O apelante começa por dizer que a relação existente entre 1.3.2006 e 29.2.2008 não pode ser classificada como laboral, para mais adiante concluir que não pode ser condenado a reconhecer a existência de um contrato de trabalho nulo entre 4.3.2002 e 29.2.2008.
Fica-nos a dúvida se o apelante apenas põe em causa o período de tempo a que se reporta o contrato de tarefa celebrado a 1.3.2006. No entanto, do teor das suas conclusões resulta, a nosso ver, que o apelante defende a inexistência de um contrato de trabalho no período temporal “coberto” pelos dois contratos de tarefa. Por isso, será dentro deste enquadramento que se irá apreciar a questão.
Decorre da matéria provada que o Réu celebrou com o Autor dois contratos, um em 23.3.2003 e outro em 1.3.2006, que apelidou de “contrato de tarefa”.
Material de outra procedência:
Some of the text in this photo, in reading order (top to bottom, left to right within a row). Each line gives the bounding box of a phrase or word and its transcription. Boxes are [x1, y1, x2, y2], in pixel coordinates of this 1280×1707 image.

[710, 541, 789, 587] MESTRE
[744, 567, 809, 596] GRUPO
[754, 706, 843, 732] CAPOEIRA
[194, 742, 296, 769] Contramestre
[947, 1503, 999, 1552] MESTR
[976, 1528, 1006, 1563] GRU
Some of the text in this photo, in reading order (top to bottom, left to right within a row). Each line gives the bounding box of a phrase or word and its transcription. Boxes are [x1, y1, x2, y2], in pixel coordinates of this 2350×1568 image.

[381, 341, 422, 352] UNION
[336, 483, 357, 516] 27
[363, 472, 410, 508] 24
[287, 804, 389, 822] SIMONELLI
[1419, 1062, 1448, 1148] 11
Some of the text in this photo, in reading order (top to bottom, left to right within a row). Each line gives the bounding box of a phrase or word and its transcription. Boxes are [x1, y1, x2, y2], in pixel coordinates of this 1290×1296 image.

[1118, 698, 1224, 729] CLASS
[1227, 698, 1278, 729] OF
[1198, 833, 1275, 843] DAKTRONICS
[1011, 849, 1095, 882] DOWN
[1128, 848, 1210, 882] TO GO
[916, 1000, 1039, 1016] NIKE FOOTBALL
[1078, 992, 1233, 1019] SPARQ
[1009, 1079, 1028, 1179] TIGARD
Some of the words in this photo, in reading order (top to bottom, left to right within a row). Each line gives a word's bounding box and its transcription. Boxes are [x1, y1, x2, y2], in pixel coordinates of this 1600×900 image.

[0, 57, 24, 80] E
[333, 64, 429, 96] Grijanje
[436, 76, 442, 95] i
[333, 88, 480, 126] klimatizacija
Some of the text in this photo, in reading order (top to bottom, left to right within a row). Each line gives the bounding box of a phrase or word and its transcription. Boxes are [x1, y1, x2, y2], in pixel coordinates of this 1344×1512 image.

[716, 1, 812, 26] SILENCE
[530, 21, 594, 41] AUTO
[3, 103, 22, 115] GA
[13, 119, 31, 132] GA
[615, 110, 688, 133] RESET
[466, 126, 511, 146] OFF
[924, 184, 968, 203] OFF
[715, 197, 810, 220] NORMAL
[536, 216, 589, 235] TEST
Na data da celebração dos contratos acabados de referir encontrava-se em vigor o art.17º do DL41/84 de 3.2, o DL427/89 de 7.12 e o DL23/2004 de 22.6, este último apenas no que se refere ao contrato de 1.3.2006.
Prescreve o art.17ºnº1 do DL41/84 de 3.2 que “para a execução de trabalhos de carácter excepcional sem subordinação hierárquica poderão ser celebrados contratos de prestação de serviços sujeito aos regime previsto na lei geral quanto a despesas públicas em matéria de aquisição de serviços, não podendo em caso algum exceder o termo do prazo contratual inicialmente estabelecido”. E diz-se no nº2 do mesmo preceito que “o contrato de tarefa caracteriza-se por ter como objecto a execução de trabalhos específicos sem subordinação hierárquica, apenas podendo os serviços recorrer a tal tipo de contrato quando no próprio serviço não existam funcionários ou agentes com as qualificações adequadas ao exercício das funções objecto da tarefa”.
Resulta da matéria de facto dada como provada que o Autor executou ao longo do tempo que trabalhou para o Réu tarefas sempre sujeito a um horário de trabalho e cumprindo ordens, ou seja, o Autor esteve sempre vinculado ao Réu por um contrato de trabalho.
Por isso, improcede a pretensão do apelante no sentido da existência de um contrato de tarefa.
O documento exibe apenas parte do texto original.